Kelly paused and then said, “where can you get there from?”

The answer, it turned out, was Washington DC. I can’t remember whether they won the business. It doesn’t matter. What matters is they knew where they were going. And they knew where they were.

The rest is a matter of geometry.

By early 2000, The Lookinglass Company was, by any measurement, successful. We had fifty employees, two offices, serious profitability, award winning work (including editing the best commercial in the world that year) and great office parties.

We were not, by any measurement, ‘the best film editing company in the world', however. And the truth, as I was becoming increasingly aware, was that we couldn’t get there from here.

Film editing companies are fueled by the creative quality of the projects they work on. In the advertising industry, those commercials rarely make you any money. They do, however, make you aspirational to potential customers. And aspiration is a powerful metric in building customer loyalty.

Which brings us to the Whitehouse.

The Whitehouse in 2000 was a London based film editing company owned by three of the best film editors in the world. Rick Lawley, John Smith and Andrea MacArthur. In my view, John is the best pure editor I’ve ever come across. And they had working for them an editor named Russell Icke, who was potentially the best of them all. Their work was, by every definition, aspirational.

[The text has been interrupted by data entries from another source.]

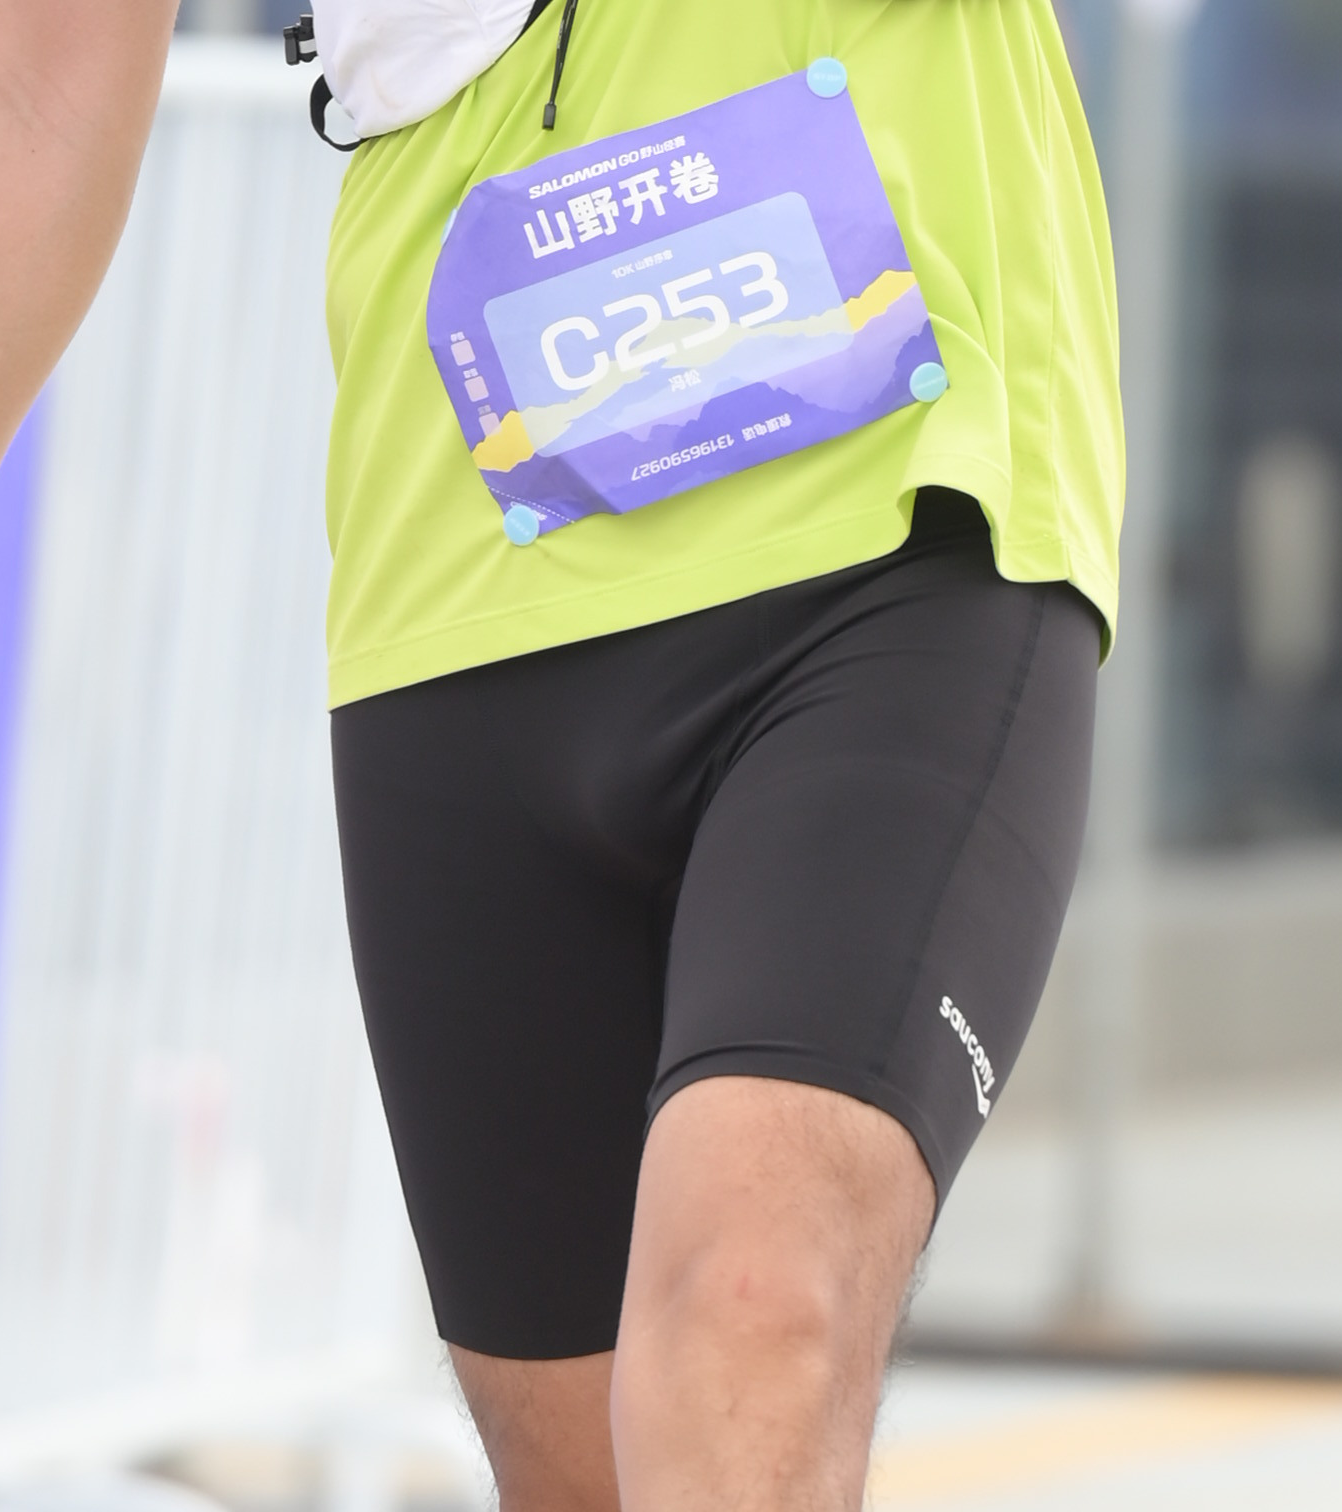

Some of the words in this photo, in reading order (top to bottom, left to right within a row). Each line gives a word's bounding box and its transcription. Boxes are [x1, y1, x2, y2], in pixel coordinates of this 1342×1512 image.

[524, 153, 719, 259] 山野开卷
[528, 158, 617, 199] SALOMON
[542, 252, 788, 390] C253
[631, 434, 734, 481] 13196590927
[939, 995, 996, 1094] saucony

In February 2000, we had a cup of coffee with Rick in the chilly basement of their Soho offices, a stone’s throw from Carnaby Street. He’d been describing the latest approach from a US editing company interested in buying the Whitehouse and ended the story saying casually, “I don't see a reason to sell my company to them.”

We got on the plane home that afternoon. As we took off I turned to Chris and said, “do you think he’d sell it to us?”

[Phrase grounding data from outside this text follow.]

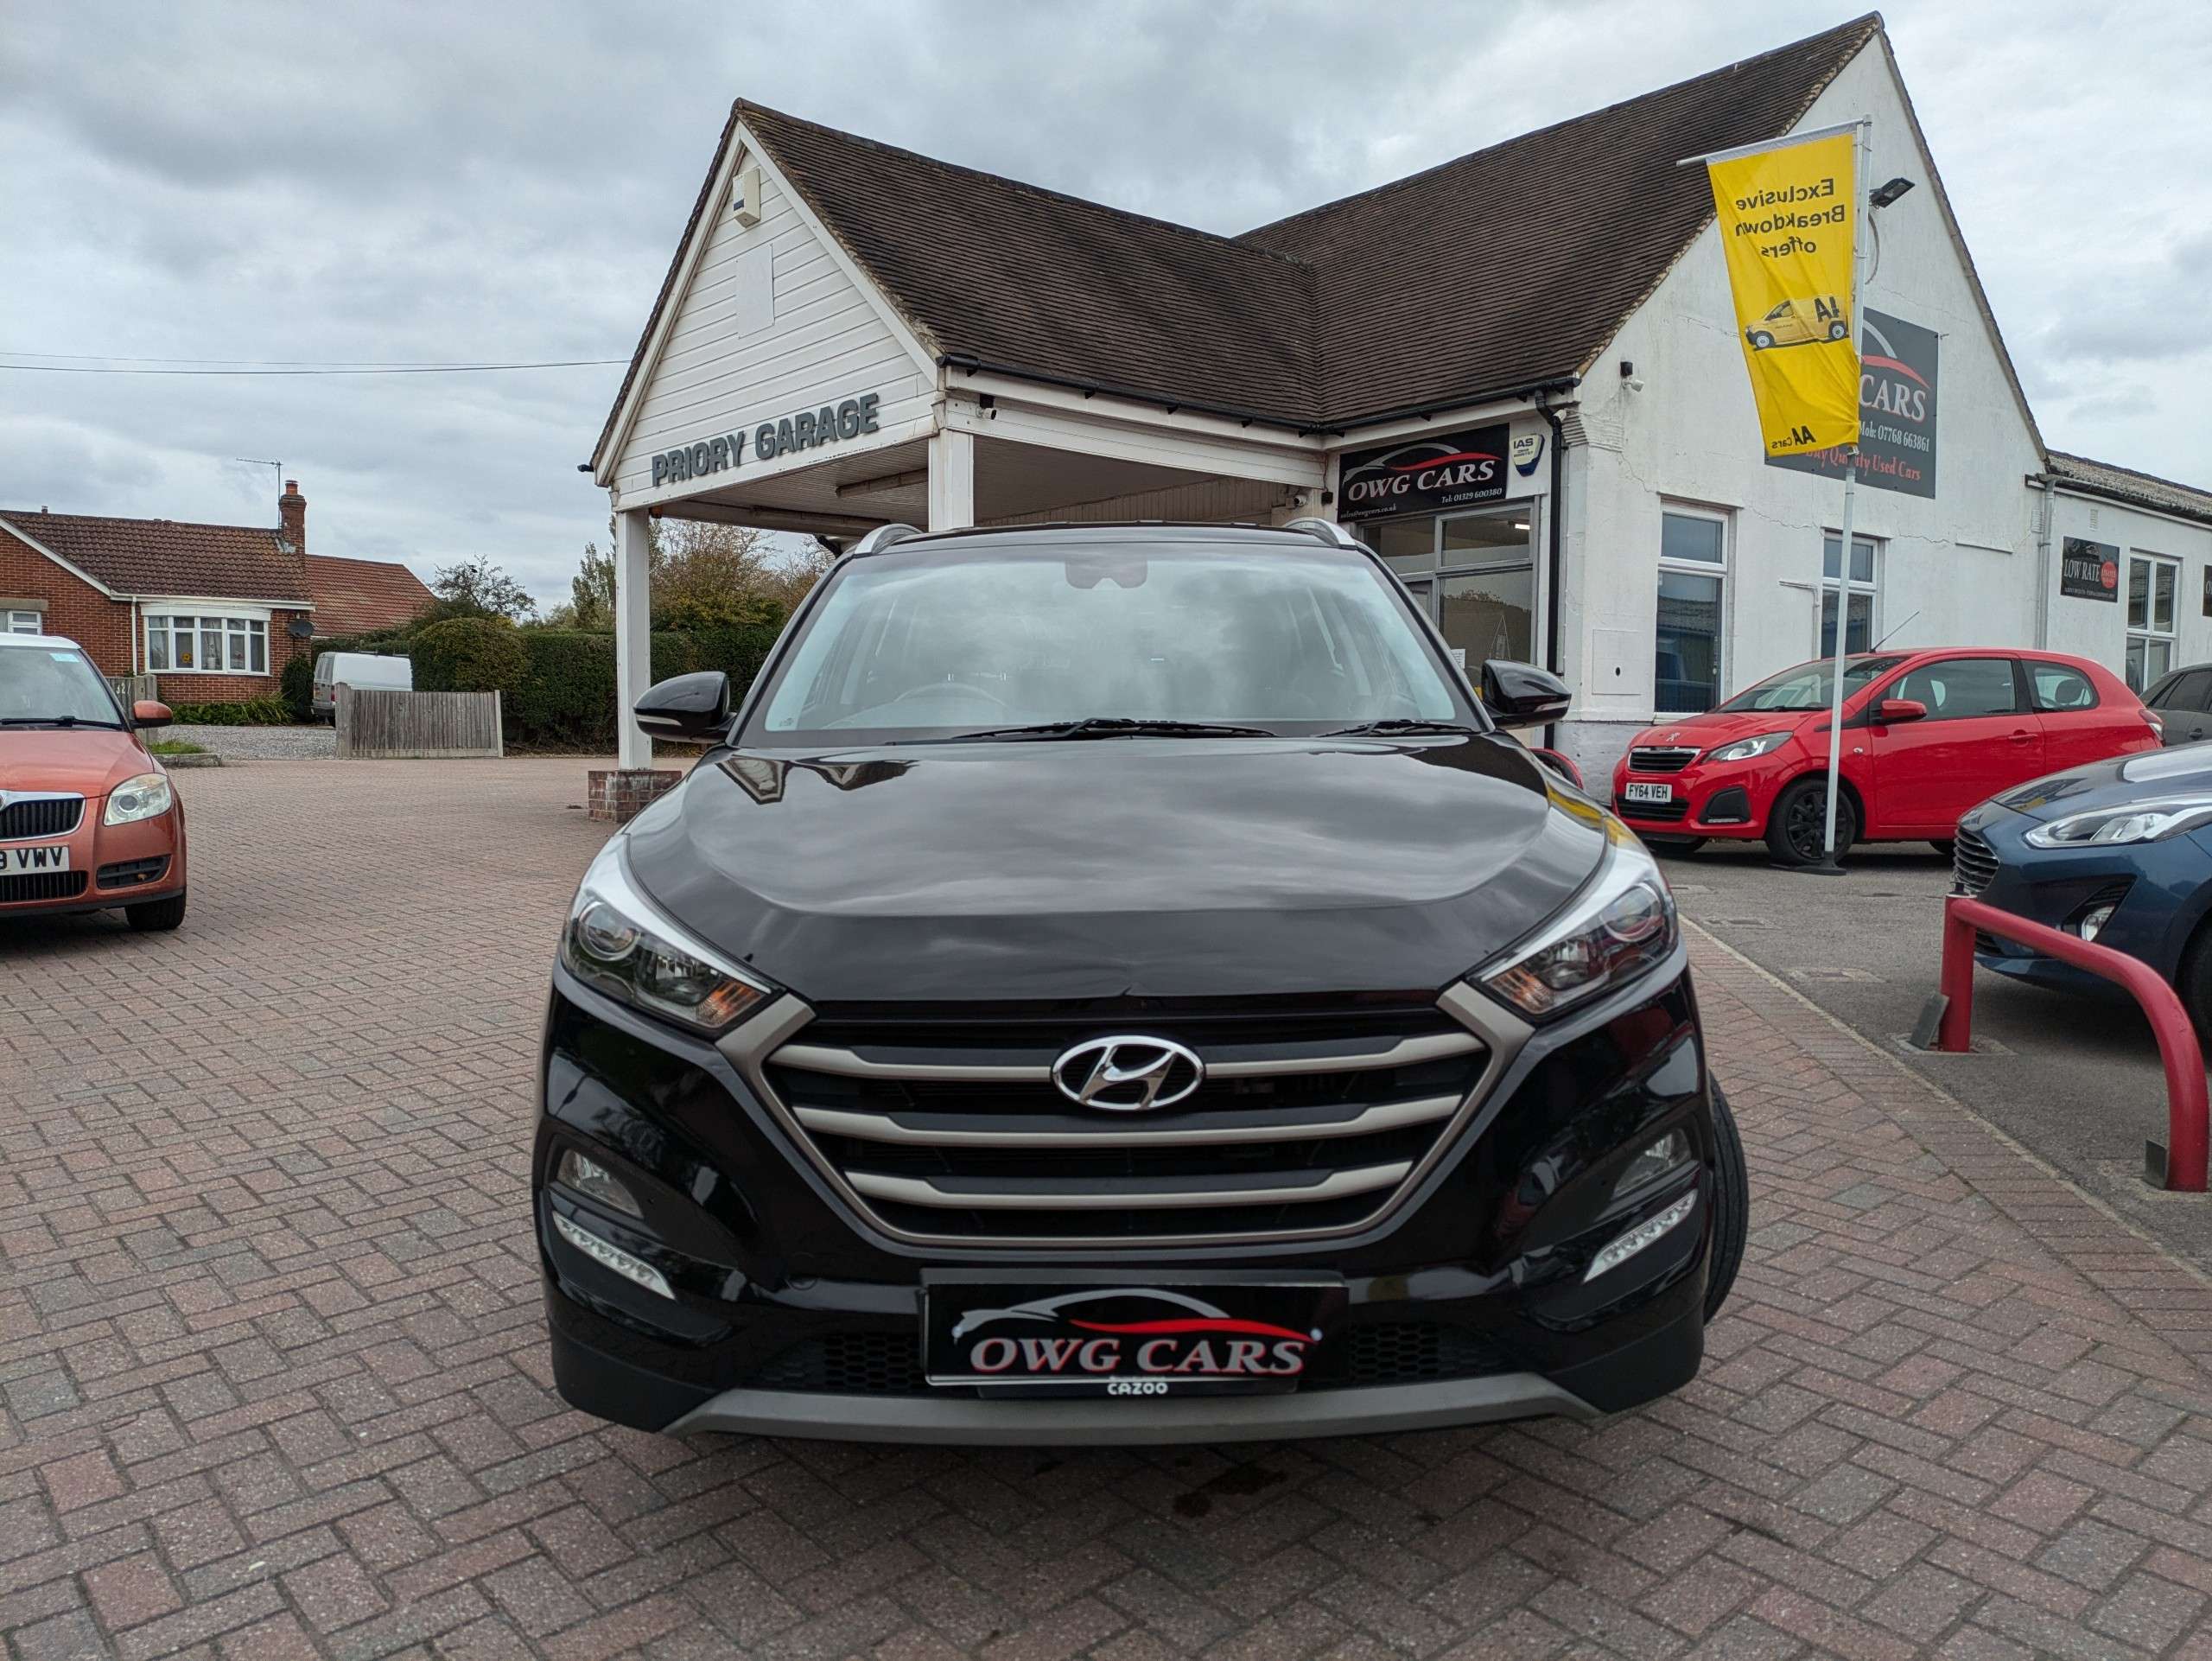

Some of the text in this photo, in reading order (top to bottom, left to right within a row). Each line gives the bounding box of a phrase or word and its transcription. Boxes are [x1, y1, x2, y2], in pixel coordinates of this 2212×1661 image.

[1859, 374, 1926, 423] CARS
[652, 392, 880, 487] PRIORY GARAGE
[1513, 437, 1534, 449] IAS
[1878, 425, 1902, 444] 07768
[1903, 431, 1929, 452] 663861
[1872, 455, 1896, 474] Used
[1899, 461, 1921, 480] Cars
[1349, 460, 1496, 501] OWG CARS
[1453, 492, 1473, 501] 01329
[2063, 559, 2082, 579] LOW
[2082, 562, 2101, 582] RATE
[1629, 785, 1668, 799] FY64 VEH
[16, 847, 62, 869] VWV
[969, 1338, 1305, 1375] OWG CARS
[1107, 1383, 1168, 1396] CAZOO

We were back two months later to ask him the question formally over lunch. It was April 27th. My Father’s birthday. And as we explained our vision, Rick fell silent for about twenty minutes. It was the only time, before or since, that I saw him lost for words.

The vision, simply, was that we put the two companies together. Integrate them. Utterly and completely. No marketing alliance. No affiliation. A pure and absolute merger. Their creative profile on our business model. A true network, without regard for geography or time zones. Talent + opportunity. 2+2 = 1000.

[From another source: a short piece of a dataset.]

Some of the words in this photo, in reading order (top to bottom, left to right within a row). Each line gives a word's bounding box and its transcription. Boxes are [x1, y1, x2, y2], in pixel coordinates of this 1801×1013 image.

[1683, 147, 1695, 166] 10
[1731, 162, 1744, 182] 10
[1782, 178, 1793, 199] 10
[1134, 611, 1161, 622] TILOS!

The deal took eighteen months to negotiate and paper. Technically, it was probably part merger, part acquisition, but in practice we worked very hard to make sure everyone had an equal voice and shared responsibility. The deal had to be re-negotiated entirely at one point when Andrea decided that she was chemically more interested in starting her own business. Differences are never the problem. Unwillingness to confront differences openly are the problem. Andrea started a company called PeepShow which she has since expanded into the US as well. She did it her way and their work speaks for itself.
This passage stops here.